Tras la llegada de Strix Halo y la próxima iteración Gorgon Halo (Ryzen AI MAX 400), AMD prepara un verdadero relevo generacional que no solo traerá nuevas arquitecturas de CPU y GPU, sino también un subsistema de memoria completamente renovado, alineado con los estándares más avanzados del sector.

LPDDR6: un salto masivo en ancho de banda

La clave de Medusa Halo estará en LPDDR6, un estándar ya confirmado por JEDEC. Esta memoria ofrecerá velocidades de hasta 14.400 MT/s sobre canales de 24 bits, alcanzando 38,4 GB/s por módulo.

En el caso de Medusa Halo, y manteniendo un bus de 256 bits, el ancho de banda total podría situarse en torno a 460 GB/s, lo que supone un incremento cercano al 80% frente a Strix Halo. Para ponerlo en contexto, la primera generación soportaba 8.000 MT/s y 256 GB/s, mientras que el refresh inmediato elevará esa cifra a 8.533 MT/s y 273 GB/s.

Este aumento tendrá un impacto directo en el rendimiento de la GPU integrada, reduciendo cuellos de botella y permitiendo un escalado mucho más agresivo en escenarios gráficos y de IA.

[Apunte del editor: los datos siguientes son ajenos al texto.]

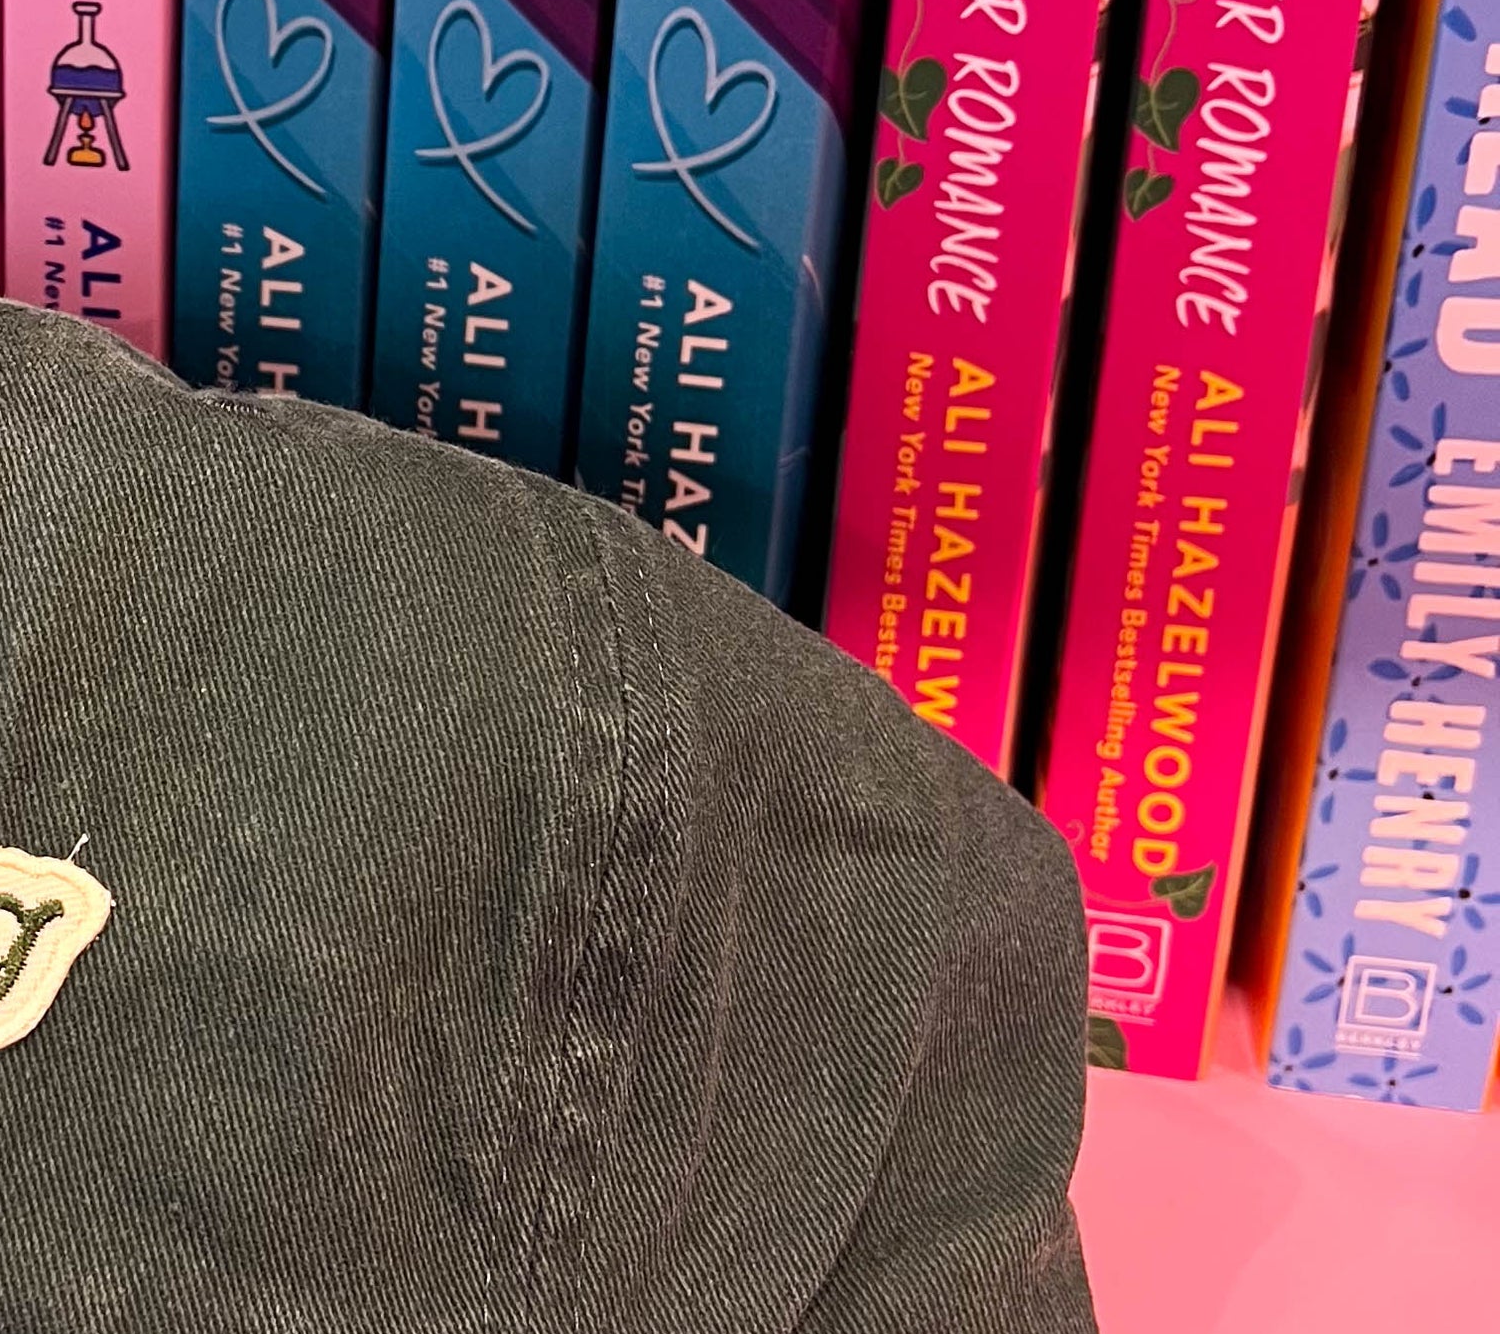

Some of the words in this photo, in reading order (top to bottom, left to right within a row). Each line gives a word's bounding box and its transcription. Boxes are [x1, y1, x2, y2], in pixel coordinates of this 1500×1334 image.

[927, 51, 1021, 325] ROMANCE
[1175, 62, 1277, 338] ROMANCE
[44, 216, 66, 247] #1
[82, 219, 123, 322] ALI
[220, 222, 245, 257] #1
[424, 255, 450, 293] #1
[217, 267, 242, 335] New
[257, 224, 307, 332] ALI
[464, 260, 514, 369] ALI
[641, 273, 668, 310] #1
[420, 302, 448, 372] New
[633, 321, 663, 394] New
[676, 277, 735, 392] ALI
[902, 350, 935, 422] New
[942, 356, 997, 454] ALI
[1150, 364, 1182, 431] New
[1187, 368, 1245, 470] ALI
[625, 402, 655, 468] York
[893, 430, 928, 497] York
[1136, 436, 1171, 508] York
[883, 504, 918, 586] Times
[1125, 513, 1162, 602] Times
[1400, 438, 1500, 680] EMILY
[912, 480, 984, 729] HAZELW
[1096, 606, 1149, 763] Bestselling
[1132, 493, 1230, 880] HAZELWOOD
[1088, 763, 1128, 865] Author
[1353, 699, 1489, 941] HENRY
[1088, 923, 1155, 988] B
[1355, 968, 1418, 1026] B

Medusa Halo: Zen 6 y RDNA 5 en el horizonte

Más allá de la memoria, Medusa Halo marcará el debut de núcleos Zen 6 y gráficos RDNA 5 dentro del ecosistema Ryzen AI MAX. Las filtraciones apuntan a configuraciones de hasta 24 núcleos y 48 hilos, junto a caché L3 de hasta 96 MB, situándolo claramente en la gama más alta de SoC para PC con IA.

AMD también planea segmentar la familia, reservando RDNA 5 para los modelos más avanzados y manteniendo RDNA 3.5 en variantes de entrada, lo que permitirá cubrir distintos niveles de precio sin renunciar a una base tecnológica común.

Competencia directa con Intel y Panther Lake

En el frente rival, Intel ya ha introducido en Panther Lake 12Xe3 configuraciones LPDDR de hasta 9.600 MT/s, actualmente las más rápidas en portátiles. Sin embargo, la llegada de LPDDR6 con Medusa Halo ampliará de nuevo la ventaja de AMD en ancho de banda absoluto, un aspecto cada vez más relevante en SoC con GPU potente y aceleración de IA integrada.

Mientras Intel refuerza su hoja de ruta de SoC y estrecha lazos con socios externos, AMD mantiene una estrategia clara: tecnologías disruptivas propias y una evolución constante de su plataforma Ryzen AI Halo en cada generación.

Un pilar clave para el futuro del AI PC

La adopción de LPDDR6 no es un detalle menor. En SoC monolíticos de alto rendimiento, donde CPU, GPU y NPU comparten memoria, el ancho de banda es determinante para evitar cuellos de botella. Con Medusa Halo, AMD apunta a un equilibrio mucho más sólido entre potencia de cálculo y subsistema de memoria, algo esencial para IA local, creación de contenido y gaming integrado.

Con un lanzamiento previsto para 2027–2028, los Ryzen AI MAX 500 Medusa Halo se perfilan como uno de los SoC más ambiciosos del mercado, construyendo sobre la base que ya han establecido Strix Halo y Gorgon Halo, y reforzando la posición de AMD en la nueva era del PC con IA.